Por la mañana Madda había encendido el fuego para comenzar a hervir en la olla los ingredientes de uno de sus remedios. Entre los borboteos se escapaban aromas de los elementos que ya había introducido en su interior e iban impregnando la estancia con sus fragancias suaves.

Acababa de apartar unas finas láminas de jengibre sobre la mesa justo antes de colocar en el mortero unas hojas de rúcula, cuando le había parecido escuchar unas voces a lo lejos. Apenas unos instantes después, un par de niños abrieron la puerta de golpe y entraron atropelladamente, trayendo consigo un alborotado estruendo. Los tarros que descansaban en la estantería de aquella pared vibraron levemente y crearon un tintineo agitado.

–Tranquilos, chicos. Tranquilos –quiso calmarlos.

Pero sus rostros asustados y nerviosos alarmaron a Madda. No podía tratarse de una simple travesura de las suyas.

–¡Ayuda! –gritó uno de ellos desesperado.

–¡Madda! ¡Te necesitamos!

–¡Ayúdanos! Nikai se ha caído al río. ¡No respira!

No eran necesarias más explicaciones. Aquella era una urgencia que no podía pasar inadvertida.

Madda se apresuró a buscar en la alacena hasta que se hizo con un alargado bote de cristal que parecía vacío. Se dio prisa en alcanzar un fuelle de tamaño mediano que colgaba de la pared junto a otros de sus instrumentos de trabajo. Respiró con profundidad, intentando serenarse, para después introducir la boquilla del fuelle en el tarro y atrapar el aire que guardaba en su interior. Aunque con rapidez, debía asegurarse de hacerlo con cuidado. El primer aliento de un recién nacido era algo que no se conseguía todos los días.

–¿Qué haces? ¡Vamos! ¡Se está muriendo! –urgió la pequeña entre lágrimas.
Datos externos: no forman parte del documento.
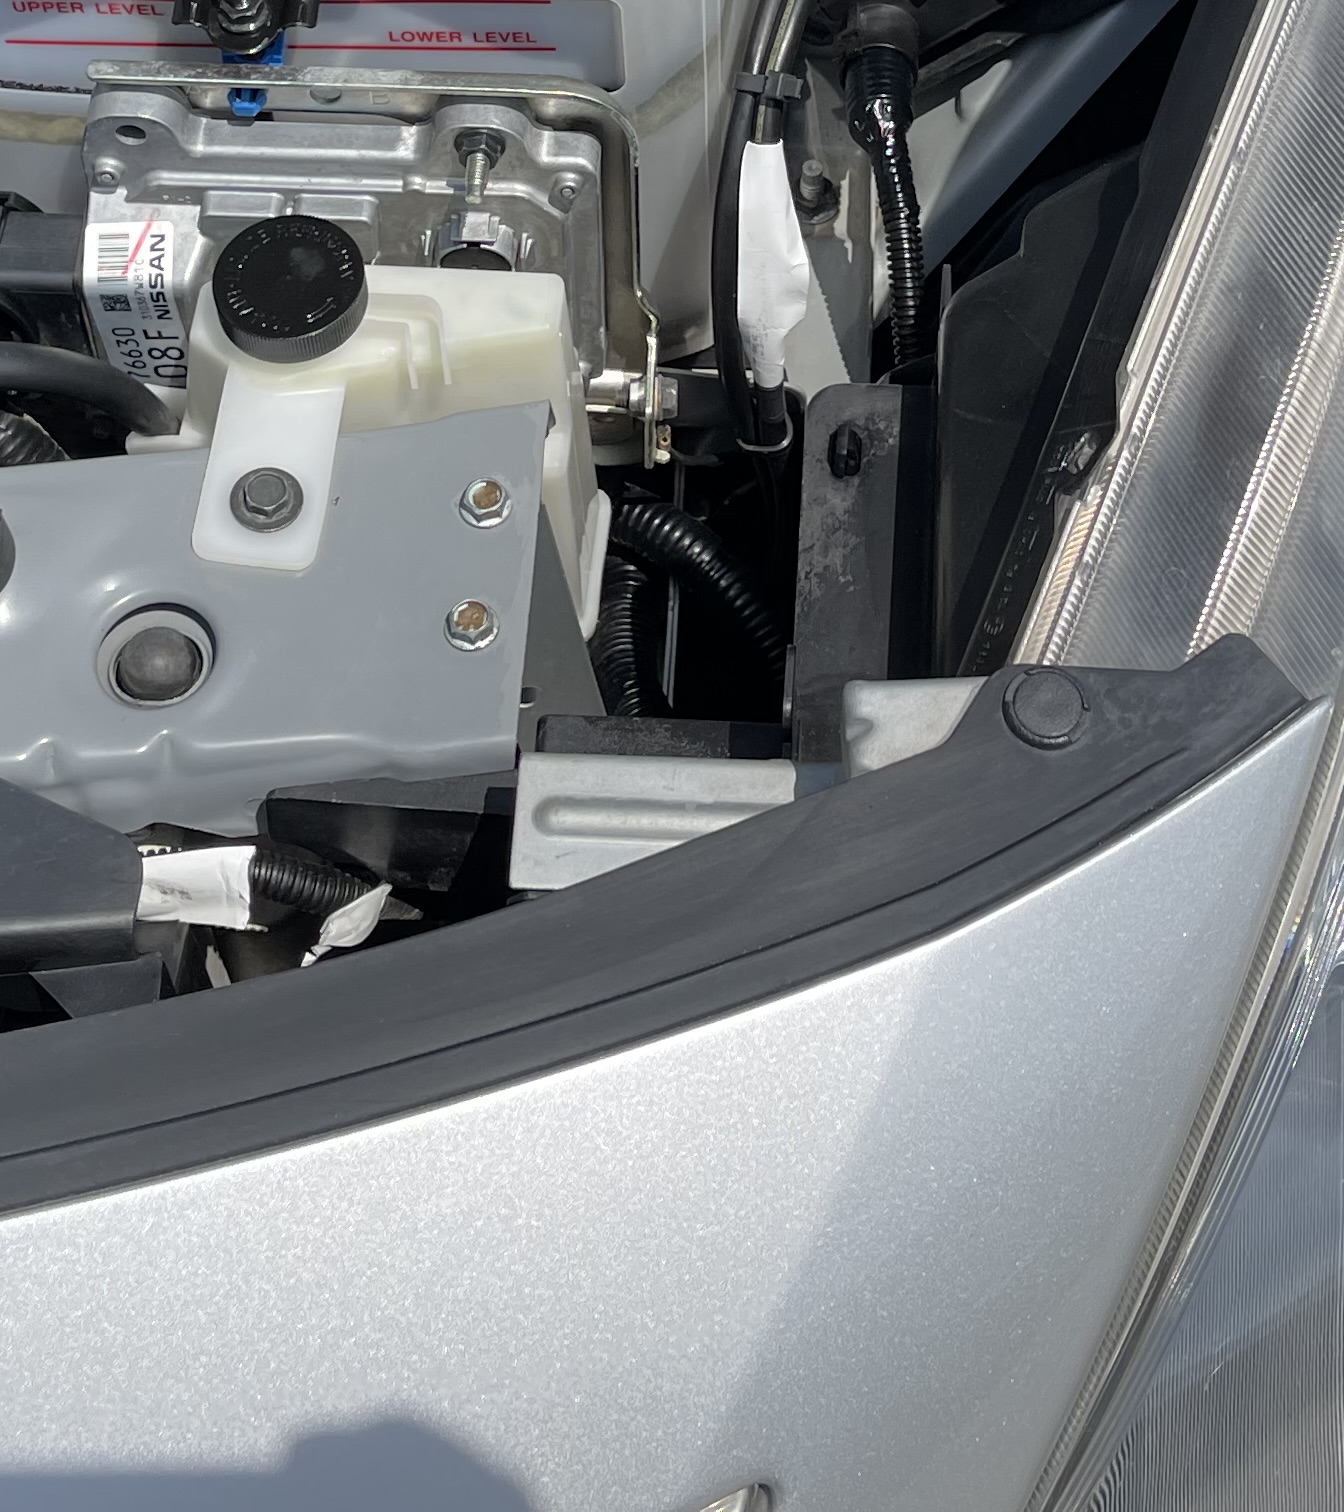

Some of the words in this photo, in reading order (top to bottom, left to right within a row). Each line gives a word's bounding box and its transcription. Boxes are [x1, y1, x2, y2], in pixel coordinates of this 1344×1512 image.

[12, 0, 85, 14] UPPER
[95, 2, 165, 16] LEVEL
[387, 30, 465, 44] LOWER
[471, 31, 538, 45] LEVEL
[148, 233, 173, 320] NISSAN
–Tranquilízate. Nadie se va a morir, no mientras yo esté aquí –respondió sin dedicarles una mirada, pues toda su atención estaba puesta en el extremo del fuelle que acababa de sumergir en el agua hirviendo.

–¡Pero...!

–¡Cállate, Nid! –le dijo el mayor dedicándole un golpe en la cabeza mientras la niña se quejaba por el dolor–. Ella sabe lo que hace. –Se giró hacia Madda, que revolvía a toda velocidad lo que fuera que hubiese dentro del caldero–. ¿Verdad? –añadió con cierta inseguridad.

–Claro que sí –confirmó al tiempo que tomaba una botija de calabaza y la hundía en la mezcla–. ¡Vamos! –indicó una vez la había llenado lo suficiente.

Los niños, movidos por la prisa, ya habían salido con rapidez cuando Madda recordó algo que la hizo detenerse. Dudó solo un momento antes de volver sobre sus pasos y abrir el pequeño baúl en el que guardaba el mayor de sus tesoros. Se ató el pequeño saquito al cinturón mientras corría para alcanzar a los pequeños.

La guiaron entre la vegetación, por un camino que no estaba demasiado definido hasta que alcanzaron el río. Unos metros más allá adivinó las figuras de Nikai tumbado boca arriba, su hermana Valpa que se inclinaba sobre él aferrándose a sus ropas con fuerza y otros dos que presenciaban la escena con impotencia y resignación. Al llegar hasta ellos la pequeña Valpa alzó la vista y sus ojos llorosos se encontraron con los atemorizados de Madda.

–Por favor, haz algo –suplicó sin soltar a su hermano.

La curandera suspiró y analizó al muchacho inconsciente. No tenía buena pinta.